College students worried their campuses could close their doors mid-semester swarmed the Louisiana Capitol steps Wednesday to protest the threat of deep budget reductions, chanting “No more cuts!”
Crystal Harris showed up in a full cap and gown, bearing a sign that said “Can I graduate please?”
The 41-year-old English major at Southern University at New Orleans said she was hoping to graduate this semester but worried state funding cuts could disrupt those plans.
“I’m in my cap and gown because this might be the only opportunity I might get to wear it if the legislators don’t do something,” Harris said on the Capitol steps.
Higher education leaders estimated 2,000 students attended the rally on a brisk and windy day where they struggled to hold signs saying “Louisiana Needs More College Graduates” and “S.O.S: Save Our Schools.”
The Southern University marching band also performed at the protest.
“Policymakers, I implore you to do what is right,” said Danyelle Parrish, student government president of River Parishes Community College. “I need to know that I will be allowed to finish my nursing program that I worked so hard to get to.”
The state’s four public college system presidents urged students to reach out to lawmakers and pressure them to protect campuses from slashing.
“You are not a cut. You are an investment by the state of Louisiana,” Louisiana Community and Technical College System President Monty Sullivan said to cheers.

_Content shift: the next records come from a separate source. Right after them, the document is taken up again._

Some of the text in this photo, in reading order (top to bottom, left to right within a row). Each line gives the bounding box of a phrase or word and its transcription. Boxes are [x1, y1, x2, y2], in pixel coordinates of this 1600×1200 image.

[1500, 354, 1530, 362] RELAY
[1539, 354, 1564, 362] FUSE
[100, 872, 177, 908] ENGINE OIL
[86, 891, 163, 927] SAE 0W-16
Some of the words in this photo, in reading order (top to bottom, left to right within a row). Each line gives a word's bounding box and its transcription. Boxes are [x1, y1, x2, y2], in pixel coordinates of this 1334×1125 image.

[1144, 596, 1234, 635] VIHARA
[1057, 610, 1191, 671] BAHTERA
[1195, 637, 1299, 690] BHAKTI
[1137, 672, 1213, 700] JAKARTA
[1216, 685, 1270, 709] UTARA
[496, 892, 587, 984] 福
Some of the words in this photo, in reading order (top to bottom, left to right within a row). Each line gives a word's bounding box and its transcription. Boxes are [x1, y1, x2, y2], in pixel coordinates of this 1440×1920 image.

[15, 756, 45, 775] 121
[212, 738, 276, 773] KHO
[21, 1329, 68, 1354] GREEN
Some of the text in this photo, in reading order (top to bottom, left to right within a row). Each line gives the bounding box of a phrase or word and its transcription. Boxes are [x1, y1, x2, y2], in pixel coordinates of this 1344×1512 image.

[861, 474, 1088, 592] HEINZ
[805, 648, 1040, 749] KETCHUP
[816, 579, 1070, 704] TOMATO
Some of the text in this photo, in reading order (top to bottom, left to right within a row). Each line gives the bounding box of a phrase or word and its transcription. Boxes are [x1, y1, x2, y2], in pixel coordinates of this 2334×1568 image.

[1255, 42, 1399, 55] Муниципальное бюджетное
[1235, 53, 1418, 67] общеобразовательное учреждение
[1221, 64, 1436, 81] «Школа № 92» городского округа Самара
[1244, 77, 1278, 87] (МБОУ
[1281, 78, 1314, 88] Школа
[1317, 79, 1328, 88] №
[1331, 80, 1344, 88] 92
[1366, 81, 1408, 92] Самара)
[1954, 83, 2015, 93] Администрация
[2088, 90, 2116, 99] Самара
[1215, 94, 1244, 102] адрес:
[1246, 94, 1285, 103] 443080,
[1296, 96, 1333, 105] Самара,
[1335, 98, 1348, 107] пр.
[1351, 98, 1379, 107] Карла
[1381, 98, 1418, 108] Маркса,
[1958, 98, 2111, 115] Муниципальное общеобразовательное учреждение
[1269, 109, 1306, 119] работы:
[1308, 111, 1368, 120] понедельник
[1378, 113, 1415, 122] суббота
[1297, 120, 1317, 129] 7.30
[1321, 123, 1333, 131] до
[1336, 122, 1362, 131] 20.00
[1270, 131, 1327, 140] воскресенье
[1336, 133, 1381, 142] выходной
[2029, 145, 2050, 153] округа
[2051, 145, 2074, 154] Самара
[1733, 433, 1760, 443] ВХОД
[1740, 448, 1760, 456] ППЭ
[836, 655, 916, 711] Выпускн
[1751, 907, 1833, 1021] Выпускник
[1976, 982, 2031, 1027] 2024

Gov. John Bel Edwards spoke at the rally, saying he was working to shield the schools.
The Democratic governor is asking lawmakers gathered in a special session to raise taxes to help close deep gaps in the budgets for this year and next.
Some Republicans have shown resistance to taxes and are pushing for deeper cuts, and they’ve objected to talk of campus shutdowns, threats of a canceled LSU football season and steep reductions to the state’s TOPS free college tuition programs.
But higher education officials say those possibilities are real, not scare tactics.
Without tax hikes, the Edwards administration says colleges could be hit with more than $200 million in cuts over the next four months.
Commissioner of Higher Education Joe Rallo said if that worst-case scenario happens, many campuses likely will suspend operations and cancel classes.
Even if lawmakers agree to Edwards’ proposed tax increases, public colleges could still face cuts of at least $70 million before June 30.
Nearly a dozen lawmakers, both Republican and Democrat, attended the protest and pledged their support for higher education.